小年輕的離去使外面一陣喧囂,屋內的氛圍反而更加的沉悶。鐵三爺又恢復了以往的坐姿,不過所有人都感覺到了,小年輕離去以後他的威壓收斂了不少。

「坐。」他看著刀疤的影子說,左手的三根手指又放在左臉上。

「三爺,這小年輕要是真的。」光頭王餘下的話沒有說出口,他看向了其他人。然而長發獅子、笑面虎都陷入了自己的焦慮之中。長久的安逸已經將他們鬥志消磨殆盡,對外的囂張只是一種慣性的生活態度,此時此刻將要面臨的和可能要面臨的的威脅讓他們坐立不安。
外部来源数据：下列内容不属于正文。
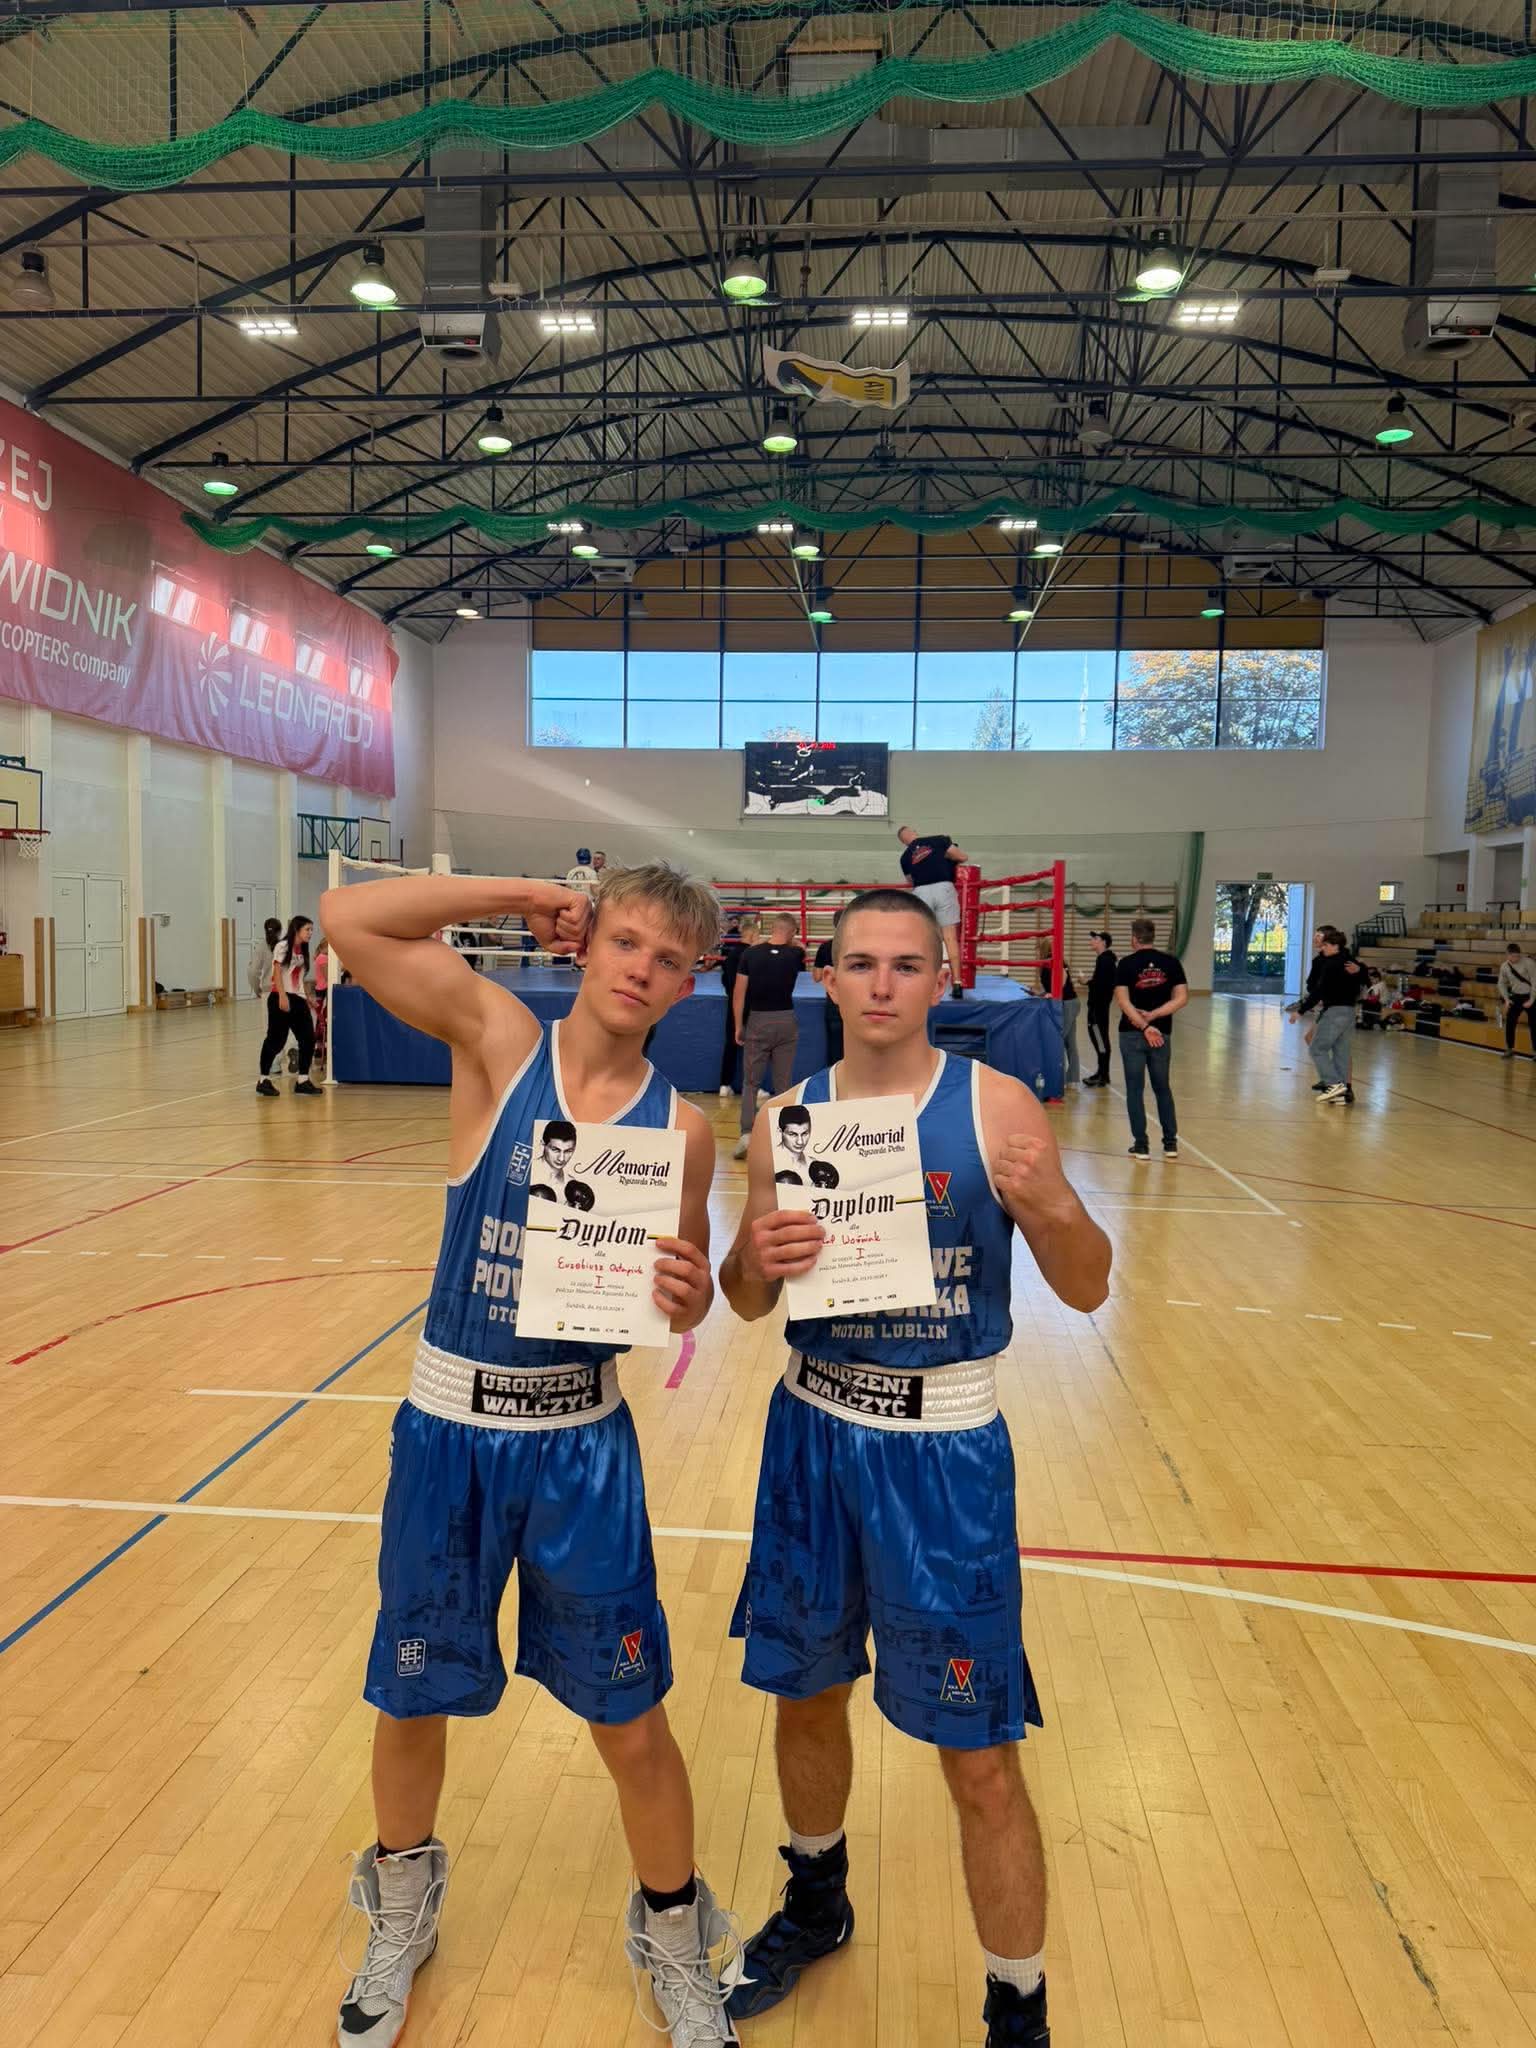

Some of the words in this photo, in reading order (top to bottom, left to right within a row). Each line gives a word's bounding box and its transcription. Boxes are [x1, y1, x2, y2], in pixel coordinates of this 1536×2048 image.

[0, 439, 53, 511] EJ
[0, 621, 70, 667] COPTERS
[72, 651, 131, 688] company
[811, 1192, 894, 1224] Dyplom
[557, 1217, 647, 1247] Dyplom
[832, 1323, 876, 1339] MOTOR
[881, 1323, 948, 1340] LUBLIN
[481, 1367, 595, 1393] URODZENI
[807, 1370, 906, 1417] WALCZYĆ
[482, 1388, 593, 1416] WALCZYĆ
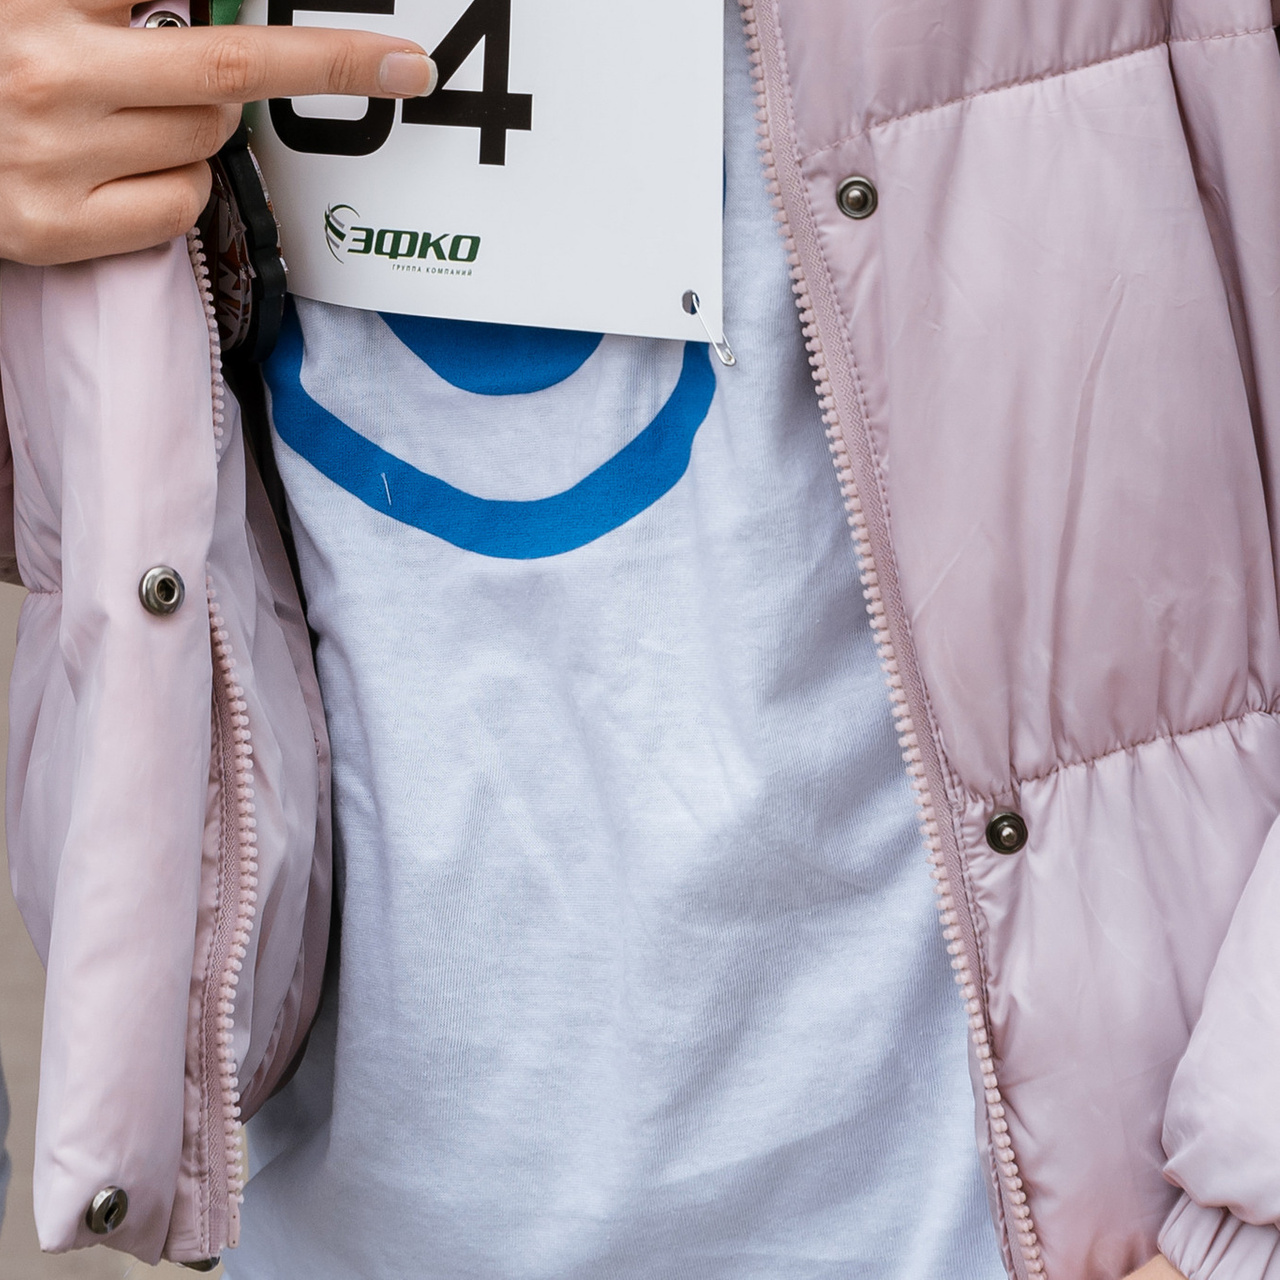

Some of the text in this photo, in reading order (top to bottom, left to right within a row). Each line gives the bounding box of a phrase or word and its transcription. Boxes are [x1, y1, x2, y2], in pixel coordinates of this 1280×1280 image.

[347, 226, 481, 262] ЭФКО
[391, 263, 473, 277] ГРУППА КОМПАНИЙ
「或許我們不應該奢望太多。」笑面虎的臉上仍舊帶著淺淺的笑容,可是誰都看得出這個笑容里隱藏的不安。

鐵三爺一動不動,昏暗的燈光似乎要將這個老人蠶食。

「那是一個怎麼的男人?」鐵三爺問,可是他的語氣好像漠不關心一樣,目光仍舊在打量著牆上的影子。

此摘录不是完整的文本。